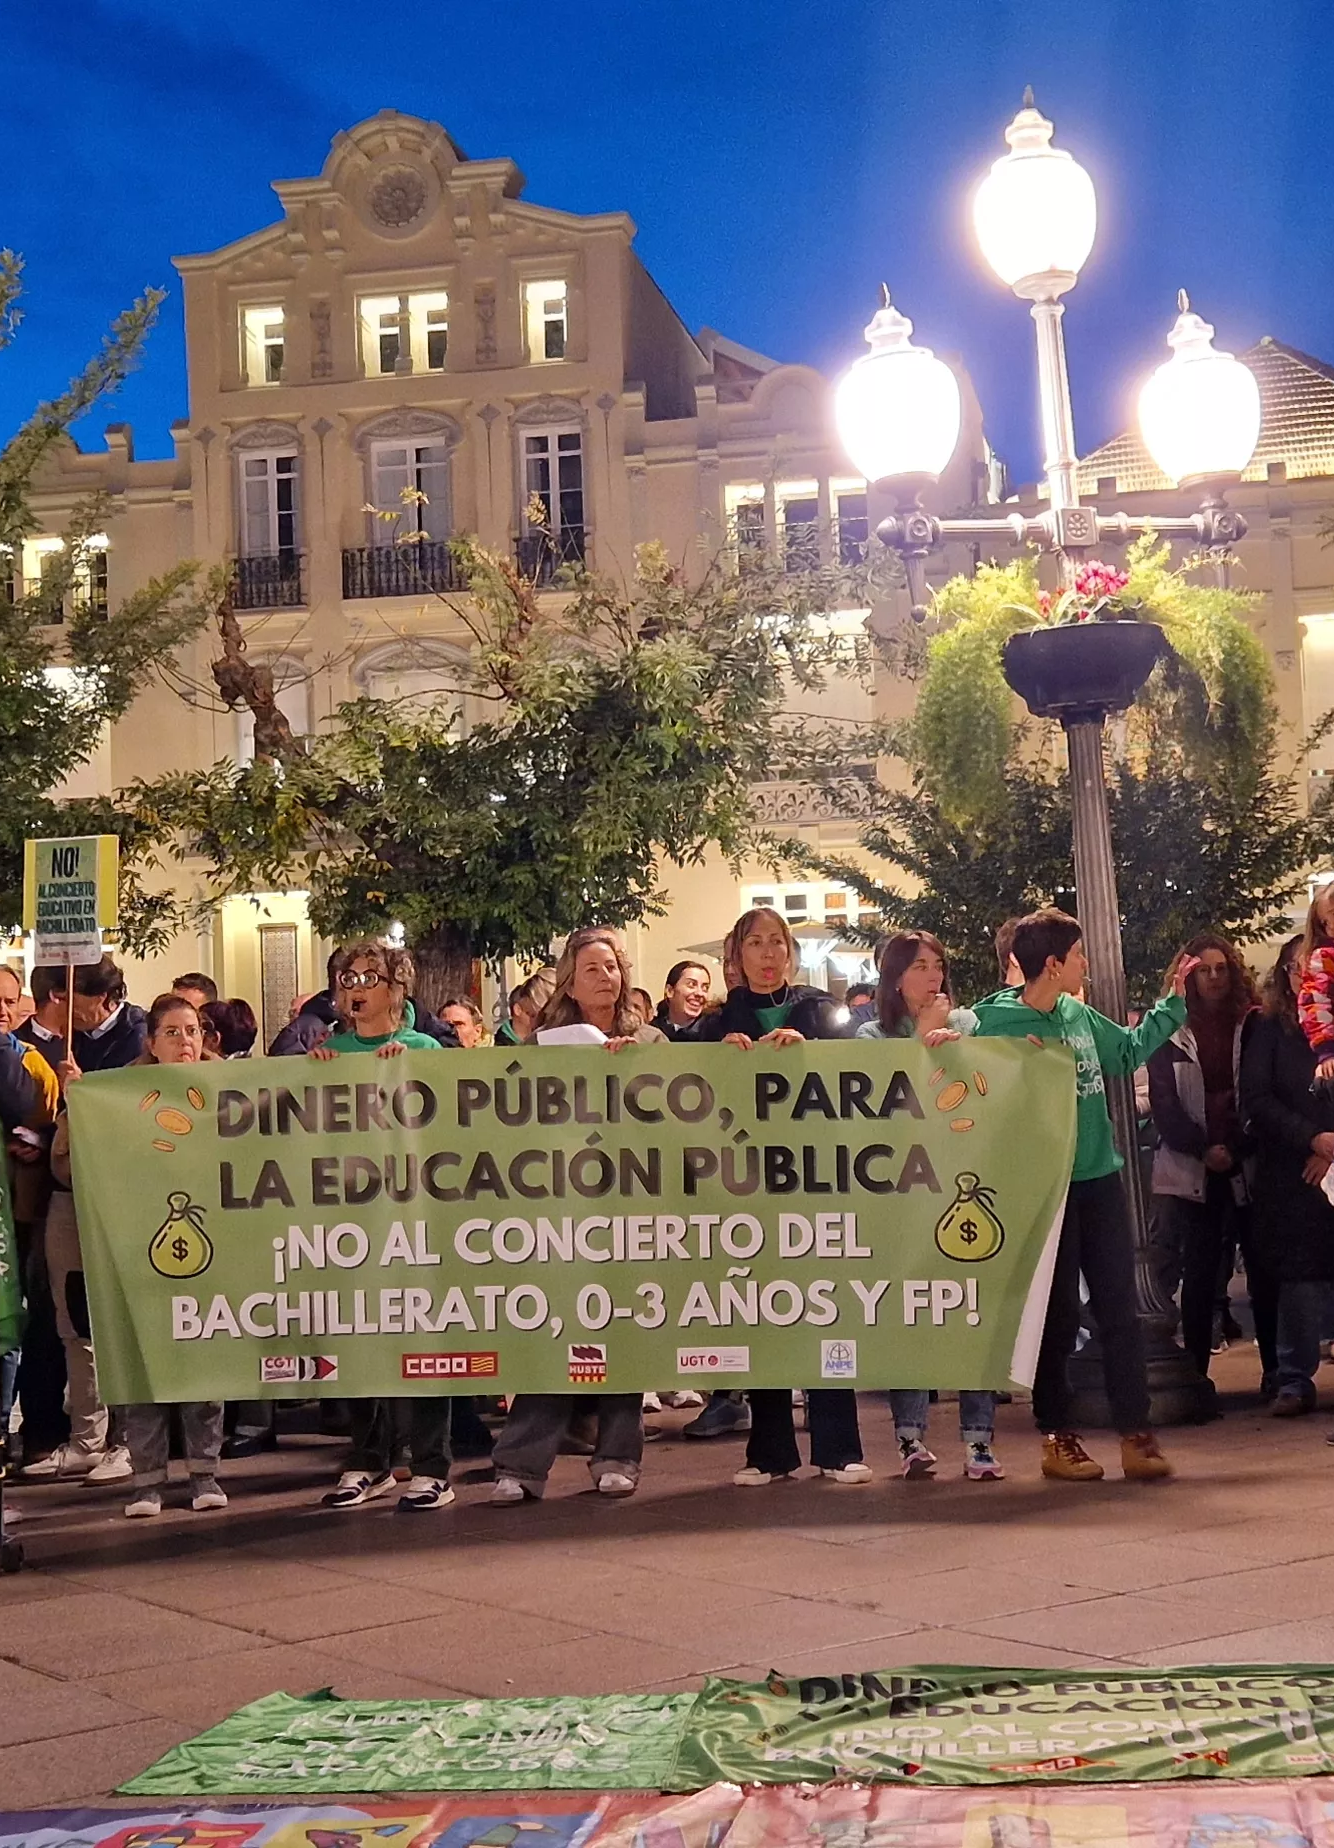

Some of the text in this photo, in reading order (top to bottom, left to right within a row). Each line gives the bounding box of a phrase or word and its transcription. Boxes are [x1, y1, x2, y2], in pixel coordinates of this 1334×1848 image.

[51, 846, 80, 878] NO!
[217, 1060, 926, 1138] DINERO PÚBLICO, PARA
[219, 1129, 943, 1209] LA EDUCACIÓN PÚBLICA
[272, 1212, 873, 1283] ¡NO AL CONCIERTO DEL
[171, 1266, 982, 1341] BACHILLERATO, 0-3 AÑOS Y FP!
[265, 1356, 294, 1369] CGT
[406, 1357, 467, 1374] CCOO
[679, 1355, 705, 1367] UGT
[957, 1721, 1034, 1737] AL
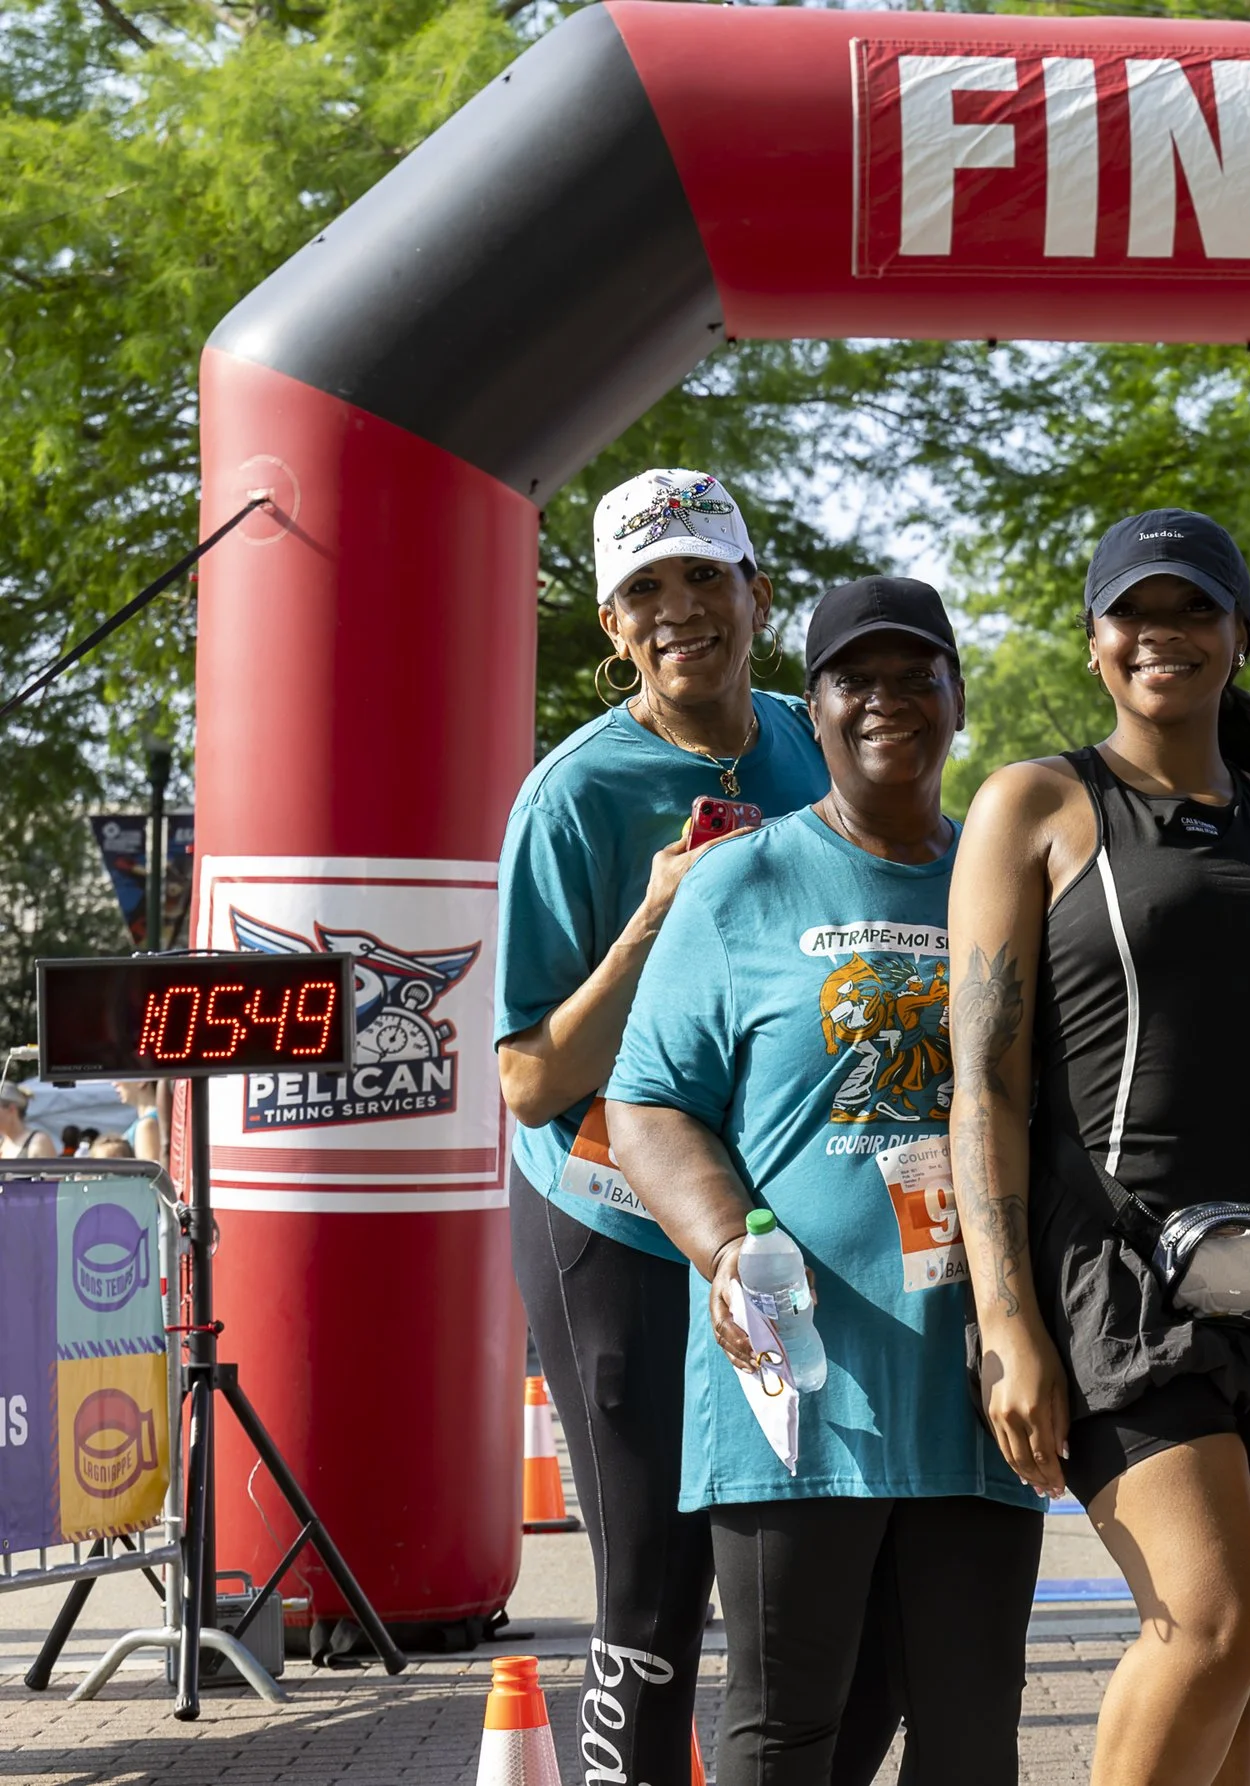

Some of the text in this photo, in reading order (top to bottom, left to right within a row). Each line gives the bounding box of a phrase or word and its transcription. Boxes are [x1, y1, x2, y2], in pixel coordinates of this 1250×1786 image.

Exercise objective :: Whenever a picture appears in the listing, leave it out; copy everything else exactly.

Response to the task ::
Some of the text in this photo, in reading order (top to bottom, left to right within a row). Each line gives the bounding box of a phrase or word and its transcription. Boxes are [x1, y1, x2, y2], in pixel coordinates of this 1334×1848 image.

[51, 846, 80, 878] NO!
[217, 1060, 926, 1138] DINERO PÚBLICO, PARA
[219, 1129, 943, 1209] LA EDUCACIÓN PÚBLICA
[272, 1212, 873, 1283] ¡NO AL CONCIERTO DEL
[171, 1266, 982, 1341] BACHILLERATO, 0-3 AÑOS Y FP!
[265, 1356, 294, 1369] CGT
[406, 1357, 467, 1374] CCOO
[679, 1355, 705, 1367] UGT
[957, 1721, 1034, 1737] AL

Some of the text in this photo, in reading order (top to bottom, left to right within a row). Each line gives the bounding box of a phrase or word and its transcription. Boxes are [x1, y1, x2, y2], in pixel coordinates of this 1250×1786 image.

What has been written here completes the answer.